Material provided:
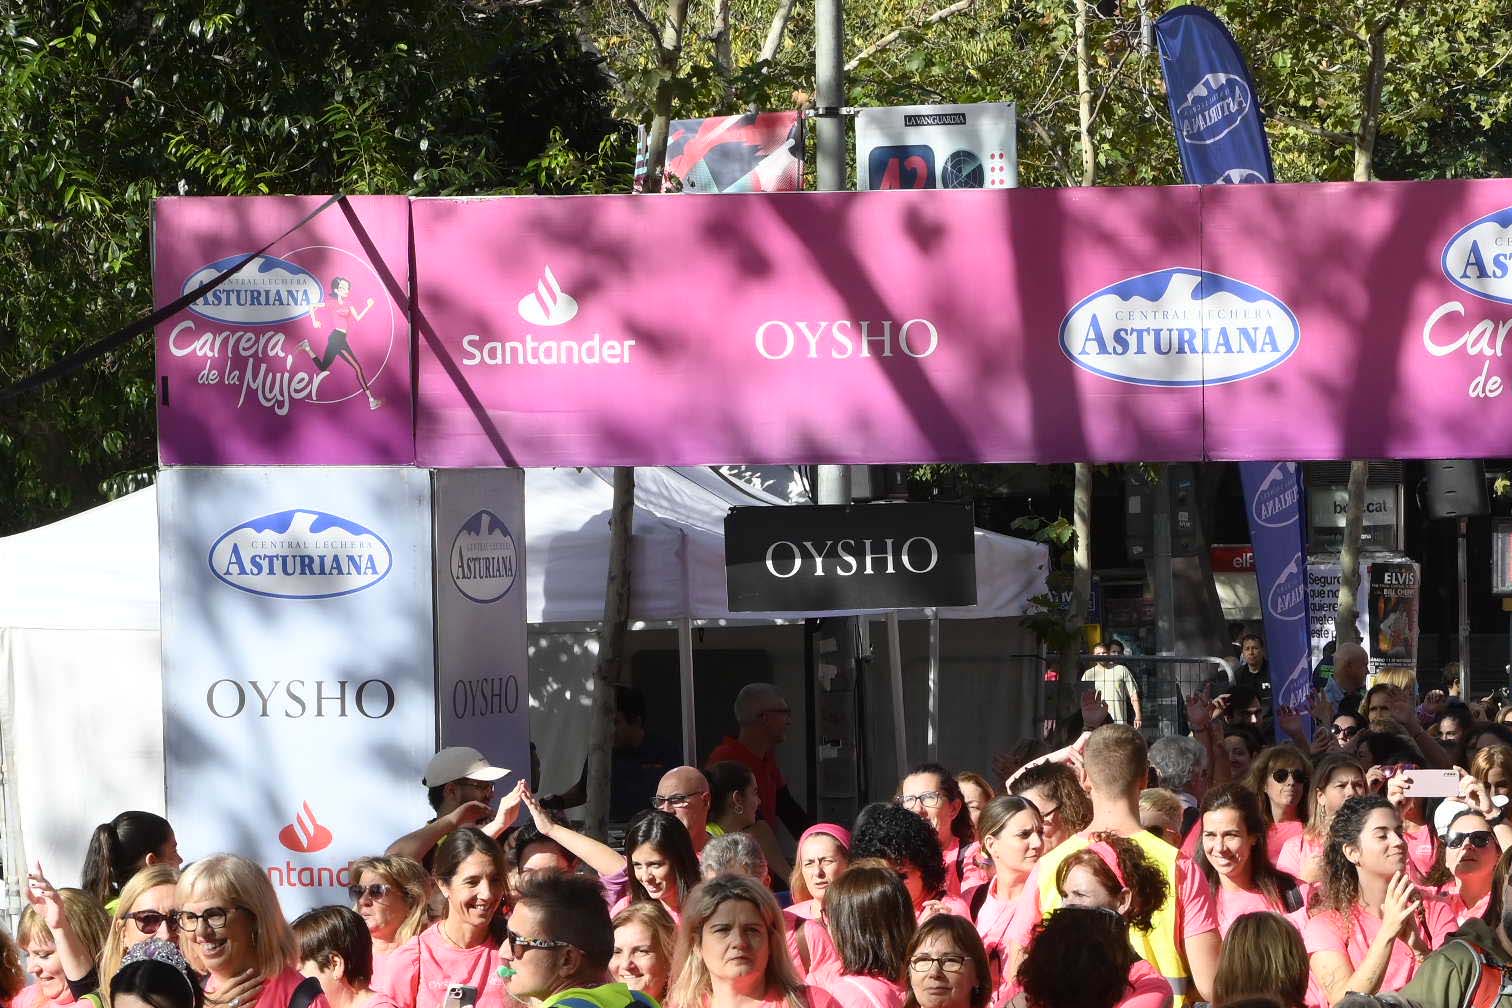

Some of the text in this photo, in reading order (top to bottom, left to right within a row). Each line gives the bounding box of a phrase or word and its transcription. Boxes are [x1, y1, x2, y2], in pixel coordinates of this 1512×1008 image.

[1115, 308, 1272, 321] CENTRAL LECHERA
[168, 320, 286, 357] Carrera
[462, 333, 636, 366] Santander
[755, 318, 939, 360] OYSHO
[1078, 312, 1281, 356] ASTURIANA
[197, 355, 330, 416] de la Mujer
[1469, 359, 1503, 398] de
[223, 542, 380, 577] ASTURIANA
[250, 540, 373, 550] CENTRAL LECHERA
[765, 536, 939, 579] OYSHO
[455, 545, 513, 581] ASTURIANA
[1384, 572, 1414, 584] ELVIS
[1309, 589, 1327, 600] que
[1310, 601, 1342, 613] quiere
[1311, 628, 1329, 639] este
[206, 679, 395, 719] OYSHO
[453, 674, 519, 719] OYSHO
[267, 860, 351, 888] ntand

Exercise details:
Drop the pictures, then write out everything else in the records exactly.

Your solution:
Some of the text in this photo, in reading order (top to bottom, left to right within a row). Each line gives the bounding box of a phrase or word and its transcription. Boxes are [x1, y1, x2, y2], in pixel coordinates of this 1512×1008 image.

[1115, 308, 1272, 321] CENTRAL LECHERA
[168, 320, 286, 357] Carrera
[462, 333, 636, 366] Santander
[755, 318, 939, 360] OYSHO
[1078, 312, 1281, 356] ASTURIANA
[197, 355, 330, 416] de la Mujer
[1469, 359, 1503, 398] de
[223, 542, 380, 577] ASTURIANA
[250, 540, 373, 550] CENTRAL LECHERA
[765, 536, 939, 579] OYSHO
[455, 545, 513, 581] ASTURIANA
[1384, 572, 1414, 584] ELVIS
[1309, 589, 1327, 600] que
[1310, 601, 1342, 613] quiere
[1311, 628, 1329, 639] este
[206, 679, 395, 719] OYSHO
[453, 674, 519, 719] OYSHO
[267, 860, 351, 888] ntand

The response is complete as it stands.